ENVIRONMENTAL DATA RESULTS Comparison of temperature profile measurements made by R/V BIOS and R/V Dallaporta in 8 stations of the Neretva Channel Comparison of salinity profile measurements made by R/V BIOS and R/V Dallaporta in 8 stations of the Neretva Channel Upon comparison of all data, an appreciable correlation was found in the deeper layer data, whilst data from the superficial most layer could not be compared because of high variability of these parameters in the studied area.
Comparison of ∆ salinity (37.9-38.6 interval) measurements made by R/V BIOS and R/V Dallaporta in 8 station of the Neretva Channel Comparison of ∆ temperature (14.0-17.5 interval) measurements made by R/V BIOS and R/V Dallaporta in 8 station of the Neretva Channel The uniform distribution of the data around zero indicates that variability was not due to differences between the two instruments, but rather to the high variability due to environmental conditions, thermo-haline stratification and strong gradient.
CONCLUSIONS • It was noticed that acoustic data (mean Sa-values) for all mini-surveys, measured by R/V BIOS and R/V Dallaporta are very similar and there were no significant differences among them. Also, all data collected by these research vessels showed highly significant correlation between them. Relationship between Sa-values measured by these research vessels is described by equation: Sa(BIOS) = 1.0646 x Sa(Dallaporta) + 37.339 , with high determination coefficient (r2 = 0.7526, p < 0.01). • Concerning to biological sampling, it was observed that, due to bigger net size, R/V Dallaporta collected significantly higher amount of biological samples than R/V BIOS. However, no significant differences in the qualitative composition of biological samples between the research vessels were found; also total catch per volume unit didn’t show significant differences. Both vessels observed a predominance of anchovies of similar sizes in the samples but the difference in length frequency distribution of anchovy has been noticed. This species was rather stable for its distribution and abundance over the entire study area.

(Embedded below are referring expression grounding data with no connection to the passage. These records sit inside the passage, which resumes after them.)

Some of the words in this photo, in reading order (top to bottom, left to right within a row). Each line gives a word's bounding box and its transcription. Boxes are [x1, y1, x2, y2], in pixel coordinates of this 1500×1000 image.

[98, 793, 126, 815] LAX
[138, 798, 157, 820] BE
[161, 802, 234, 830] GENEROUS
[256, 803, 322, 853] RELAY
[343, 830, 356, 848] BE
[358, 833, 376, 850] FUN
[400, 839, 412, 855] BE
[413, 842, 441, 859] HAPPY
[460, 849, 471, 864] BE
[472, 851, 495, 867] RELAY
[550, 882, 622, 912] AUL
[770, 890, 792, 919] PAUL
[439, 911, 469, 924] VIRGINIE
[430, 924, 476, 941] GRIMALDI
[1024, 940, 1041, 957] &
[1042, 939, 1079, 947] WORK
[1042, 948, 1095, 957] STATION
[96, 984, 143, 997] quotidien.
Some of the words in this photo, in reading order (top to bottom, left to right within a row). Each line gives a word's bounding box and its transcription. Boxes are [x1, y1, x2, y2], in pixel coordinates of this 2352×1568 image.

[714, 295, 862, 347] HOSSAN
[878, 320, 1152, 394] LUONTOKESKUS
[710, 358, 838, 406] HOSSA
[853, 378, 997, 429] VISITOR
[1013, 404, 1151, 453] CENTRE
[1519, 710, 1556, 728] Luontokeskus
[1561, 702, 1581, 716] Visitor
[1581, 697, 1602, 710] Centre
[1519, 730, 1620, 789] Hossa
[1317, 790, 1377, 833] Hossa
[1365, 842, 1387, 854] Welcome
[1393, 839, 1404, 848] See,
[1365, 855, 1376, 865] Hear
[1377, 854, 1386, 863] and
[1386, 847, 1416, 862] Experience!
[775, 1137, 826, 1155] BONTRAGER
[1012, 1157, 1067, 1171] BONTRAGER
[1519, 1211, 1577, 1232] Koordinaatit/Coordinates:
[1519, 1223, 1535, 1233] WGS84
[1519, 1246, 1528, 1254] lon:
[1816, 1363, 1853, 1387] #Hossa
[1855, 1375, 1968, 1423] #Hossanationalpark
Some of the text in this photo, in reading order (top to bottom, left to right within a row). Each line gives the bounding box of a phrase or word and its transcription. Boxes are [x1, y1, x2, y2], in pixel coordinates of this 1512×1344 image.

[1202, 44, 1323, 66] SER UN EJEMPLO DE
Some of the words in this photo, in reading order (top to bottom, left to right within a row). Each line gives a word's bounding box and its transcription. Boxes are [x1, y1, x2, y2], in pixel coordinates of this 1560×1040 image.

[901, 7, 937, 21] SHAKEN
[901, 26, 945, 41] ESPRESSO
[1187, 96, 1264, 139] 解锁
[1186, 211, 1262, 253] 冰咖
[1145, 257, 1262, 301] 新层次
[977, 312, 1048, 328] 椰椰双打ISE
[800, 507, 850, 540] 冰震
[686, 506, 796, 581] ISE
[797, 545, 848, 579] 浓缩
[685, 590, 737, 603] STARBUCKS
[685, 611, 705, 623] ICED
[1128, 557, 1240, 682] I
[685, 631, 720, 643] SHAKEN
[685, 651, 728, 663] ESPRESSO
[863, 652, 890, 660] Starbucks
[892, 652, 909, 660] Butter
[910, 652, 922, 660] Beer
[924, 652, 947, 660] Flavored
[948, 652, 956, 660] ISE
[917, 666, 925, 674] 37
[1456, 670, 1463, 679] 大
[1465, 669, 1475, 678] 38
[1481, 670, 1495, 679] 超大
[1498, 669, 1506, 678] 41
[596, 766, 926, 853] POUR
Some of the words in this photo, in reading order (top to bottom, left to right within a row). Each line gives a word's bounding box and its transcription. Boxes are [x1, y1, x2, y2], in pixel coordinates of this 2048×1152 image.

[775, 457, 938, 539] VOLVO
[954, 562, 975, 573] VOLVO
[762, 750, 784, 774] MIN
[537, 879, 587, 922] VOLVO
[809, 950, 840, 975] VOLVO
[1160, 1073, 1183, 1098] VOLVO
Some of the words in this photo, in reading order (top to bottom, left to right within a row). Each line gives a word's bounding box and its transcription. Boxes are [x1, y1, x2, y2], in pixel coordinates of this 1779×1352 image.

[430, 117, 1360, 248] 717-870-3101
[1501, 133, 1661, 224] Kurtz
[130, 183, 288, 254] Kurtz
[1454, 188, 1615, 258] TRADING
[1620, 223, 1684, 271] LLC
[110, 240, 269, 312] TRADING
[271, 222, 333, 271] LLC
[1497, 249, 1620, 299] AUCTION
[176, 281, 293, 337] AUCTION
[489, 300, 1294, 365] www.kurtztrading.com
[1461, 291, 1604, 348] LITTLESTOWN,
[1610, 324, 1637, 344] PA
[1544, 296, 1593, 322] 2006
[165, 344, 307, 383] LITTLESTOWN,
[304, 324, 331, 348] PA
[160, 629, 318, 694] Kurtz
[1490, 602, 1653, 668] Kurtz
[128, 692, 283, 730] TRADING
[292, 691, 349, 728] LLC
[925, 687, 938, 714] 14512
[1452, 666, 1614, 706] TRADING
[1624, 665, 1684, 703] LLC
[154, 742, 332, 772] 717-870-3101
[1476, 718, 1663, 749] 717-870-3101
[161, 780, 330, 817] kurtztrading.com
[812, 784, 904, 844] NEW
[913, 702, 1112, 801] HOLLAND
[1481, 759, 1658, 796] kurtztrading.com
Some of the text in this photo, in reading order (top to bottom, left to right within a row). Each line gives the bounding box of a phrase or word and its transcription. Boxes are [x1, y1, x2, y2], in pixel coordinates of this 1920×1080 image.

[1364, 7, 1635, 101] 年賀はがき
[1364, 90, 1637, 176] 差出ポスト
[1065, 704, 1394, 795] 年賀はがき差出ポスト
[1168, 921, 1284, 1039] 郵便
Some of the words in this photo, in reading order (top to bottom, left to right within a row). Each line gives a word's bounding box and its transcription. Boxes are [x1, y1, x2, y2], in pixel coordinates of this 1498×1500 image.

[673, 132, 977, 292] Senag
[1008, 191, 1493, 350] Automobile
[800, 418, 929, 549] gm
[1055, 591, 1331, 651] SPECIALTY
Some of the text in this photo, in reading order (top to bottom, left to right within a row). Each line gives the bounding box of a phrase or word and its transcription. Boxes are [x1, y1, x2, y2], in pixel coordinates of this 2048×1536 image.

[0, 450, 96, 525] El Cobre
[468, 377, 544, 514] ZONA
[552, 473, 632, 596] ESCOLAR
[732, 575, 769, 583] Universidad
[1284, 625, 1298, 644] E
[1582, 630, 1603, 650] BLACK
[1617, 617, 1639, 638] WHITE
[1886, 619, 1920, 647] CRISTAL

Noise measurements made on both research vessels confirmed that noise generated by R/V BIOS and R/V Dallaporta does not present an obstacle for carrying out acoustic surveys. • The comparison between the CTD temperature and salinity sensors have shown that, even if the oceanographic conditions were not good due to the stratification of the water column and to the presence of a gradient, the comparison of each sensor was reasonable, although not optimal. Therefore, the in situ tests recorded a relatively low variability with discrepancies between the two instruments within interval of approximately ±0.08 for salinity and ±0.1 for temperature.